Stored dataset items
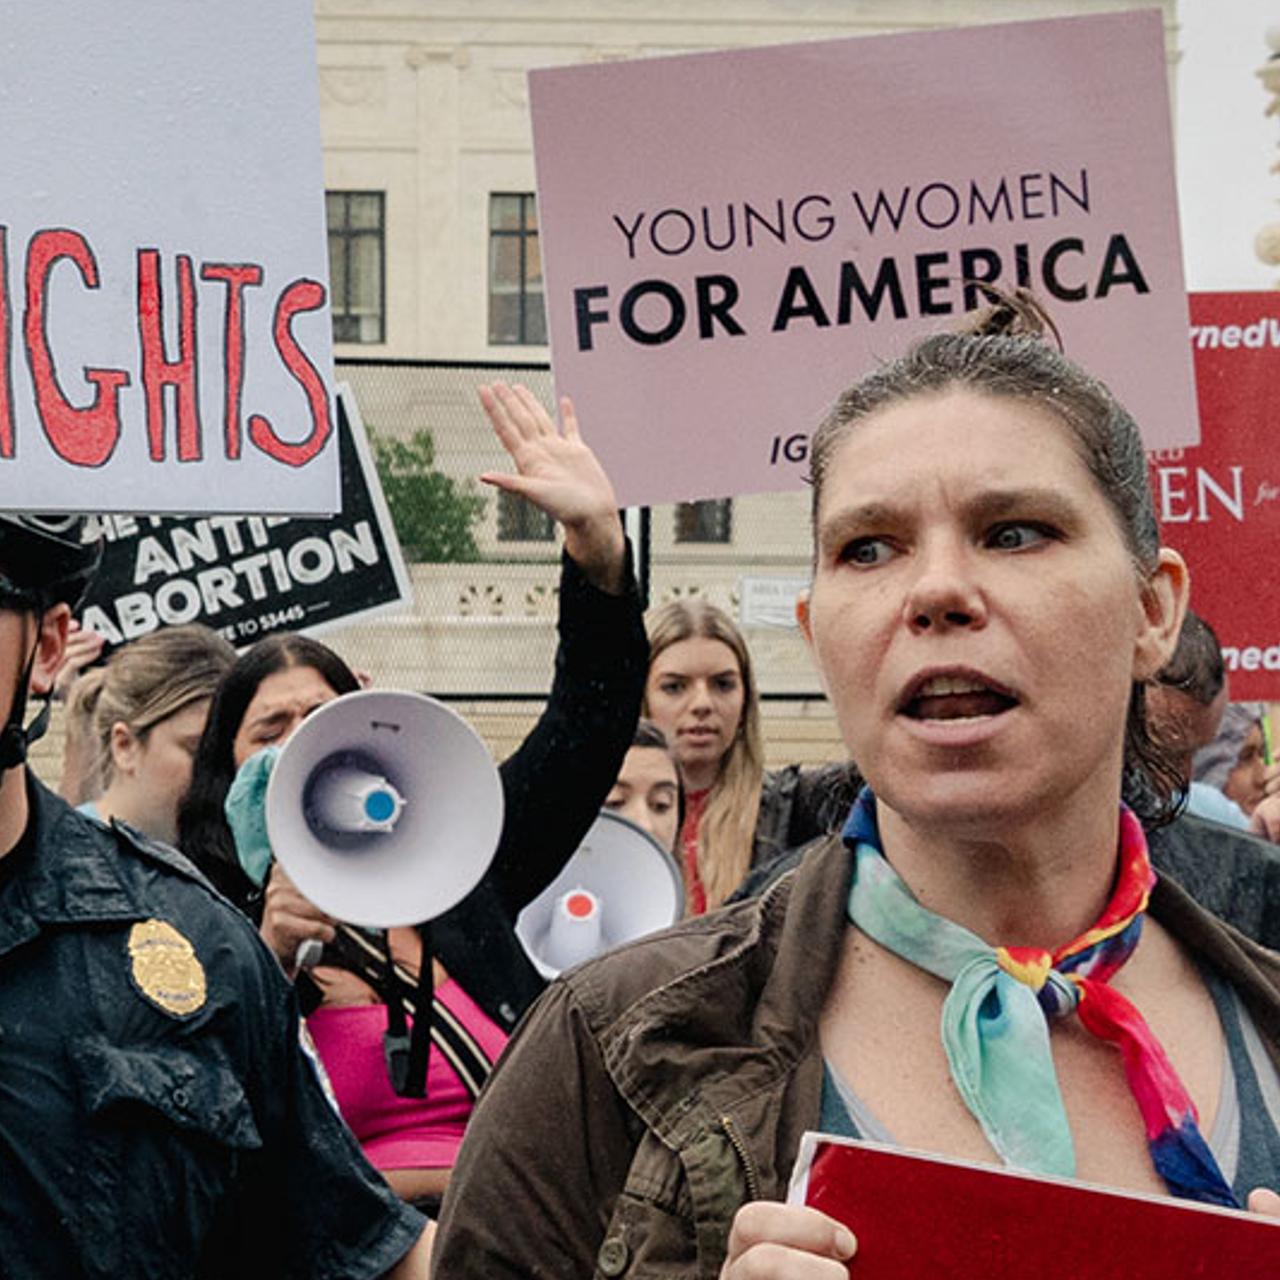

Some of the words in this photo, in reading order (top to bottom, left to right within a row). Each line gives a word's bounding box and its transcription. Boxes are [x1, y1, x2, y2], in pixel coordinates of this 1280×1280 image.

[612, 195, 836, 259] YOUNG
[852, 168, 1091, 234] WOMEN
[572, 273, 747, 352] FOR
[772, 233, 1151, 334] AMERICA
[80, 521, 379, 646] ABORTION
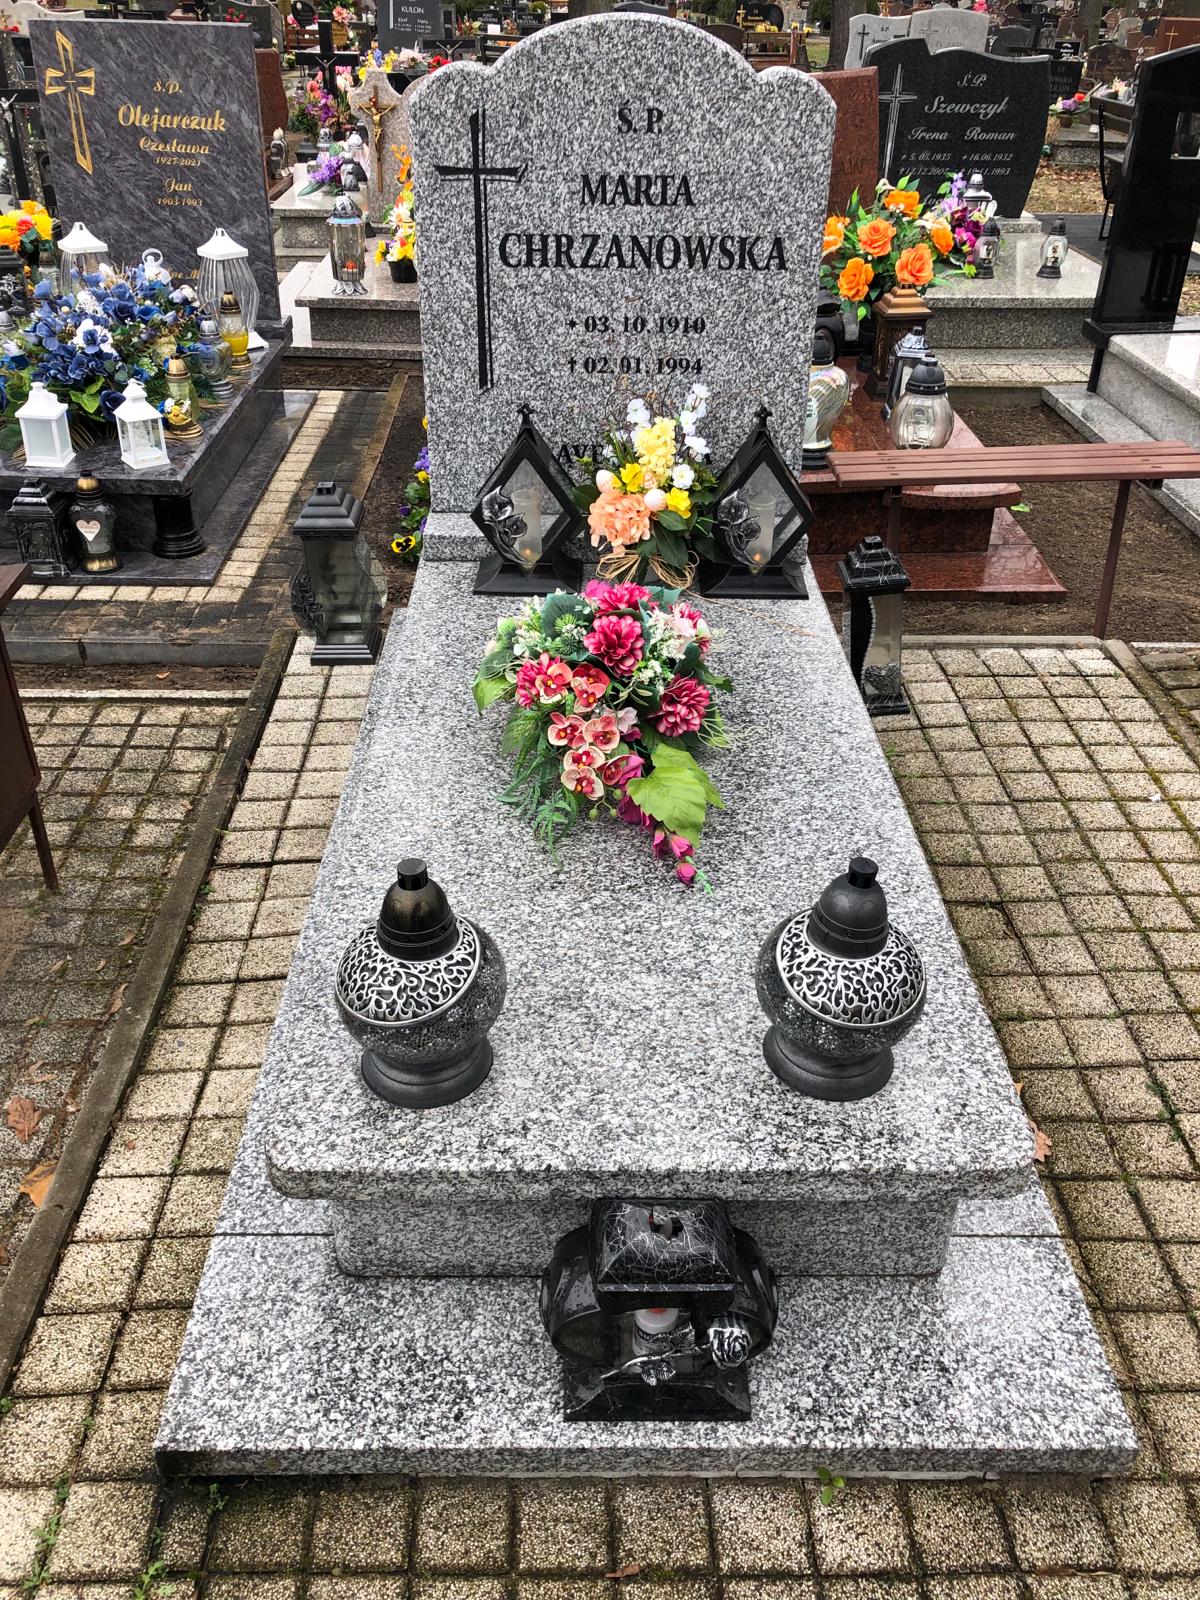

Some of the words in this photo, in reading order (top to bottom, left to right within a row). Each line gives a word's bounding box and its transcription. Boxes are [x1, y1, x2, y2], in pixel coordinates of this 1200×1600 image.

[118, 103, 226, 133] Olejarczuk
[924, 95, 1010, 120] Szewczyk
[139, 136, 210, 155] Czesława
[908, 126, 951, 141] Irena
[964, 126, 1017, 141] Roman
[164, 178, 193, 193] Jan
[580, 173, 697, 207] MARTA
[499, 232, 789, 272] CHRZANOWSKA
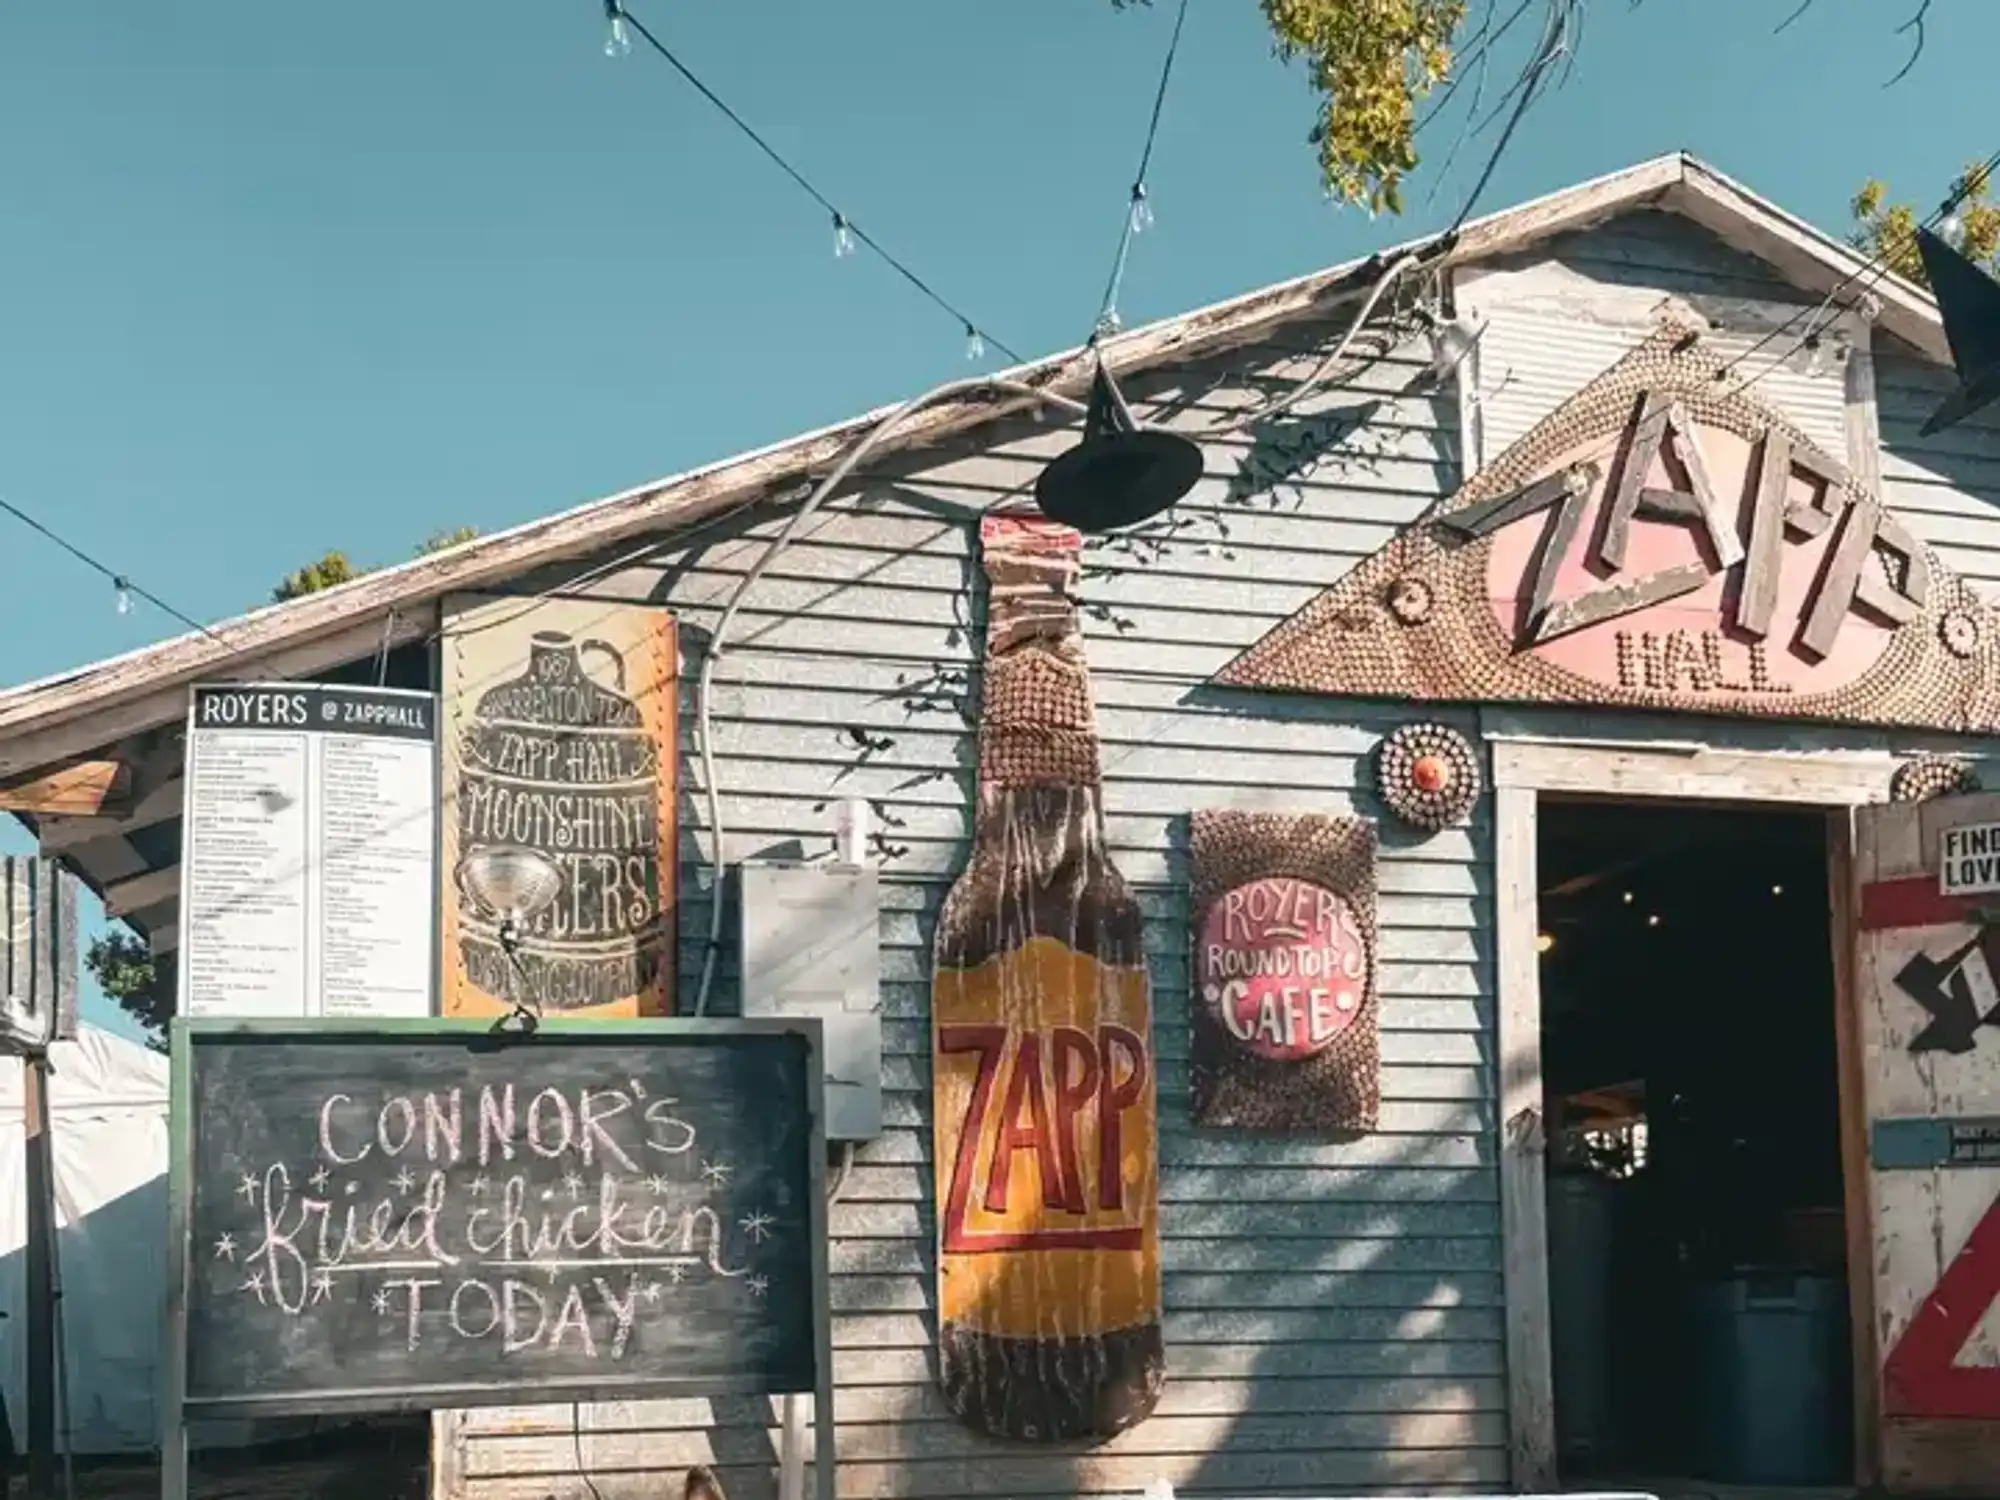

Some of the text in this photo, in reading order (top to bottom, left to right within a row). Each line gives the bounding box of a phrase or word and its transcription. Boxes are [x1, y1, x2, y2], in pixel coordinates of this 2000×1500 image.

[1434, 390, 1930, 662] ZAPP
[1613, 630, 1792, 694] HALL
[204, 694, 426, 729] ROYERS @ ZAPPHALL
[497, 733, 626, 782] ZAPP HALL
[467, 782, 655, 847] MOONSHINE
[1208, 944, 1339, 979] ROUND TOP
[1220, 980, 1340, 1046] CAFE
[939, 1024, 1147, 1255] ZAPP
[246, 1162, 748, 1314] fried chicken
[384, 1272, 641, 1360] TODAY

Directions
Your task is to return the entries above exactly, with no pictures.

Output of the task
Some of the words in this photo, in reading order (top to bottom, left to right within a row). Each line gives a word's bounding box and its transcription. Boxes are [x1, y1, x2, y2], in pixel coordinates of this 1280×1280 image.

[612, 195, 836, 259] YOUNG
[852, 168, 1091, 234] WOMEN
[572, 273, 747, 352] FOR
[772, 233, 1151, 334] AMERICA
[80, 521, 379, 646] ABORTION

Some of the words in this photo, in reading order (top to bottom, left to right within a row). Each line gives a word's bounding box and its transcription. Boxes are [x1, y1, x2, y2], in pixel coordinates of this 1200×1600 image.

[118, 103, 226, 133] Olejarczuk
[924, 95, 1010, 120] Szewczyk
[139, 136, 210, 155] Czesława
[908, 126, 951, 141] Irena
[964, 126, 1017, 141] Roman
[164, 178, 193, 193] Jan
[580, 173, 697, 207] MARTA
[499, 232, 789, 272] CHRZANOWSKA

Some of the text in this photo, in reading order (top to bottom, left to right within a row). Each line gives the bounding box of a phrase or word and its transcription. Boxes are [x1, y1, x2, y2], in pixel coordinates of this 2000×1500 image.

[1434, 390, 1930, 662] ZAPP
[1613, 630, 1792, 694] HALL
[204, 694, 426, 729] ROYERS @ ZAPPHALL
[497, 733, 626, 782] ZAPP HALL
[467, 782, 655, 847] MOONSHINE
[1208, 944, 1339, 979] ROUND TOP
[1220, 980, 1340, 1046] CAFE
[939, 1024, 1147, 1255] ZAPP
[246, 1162, 748, 1314] fried chicken
[384, 1272, 641, 1360] TODAY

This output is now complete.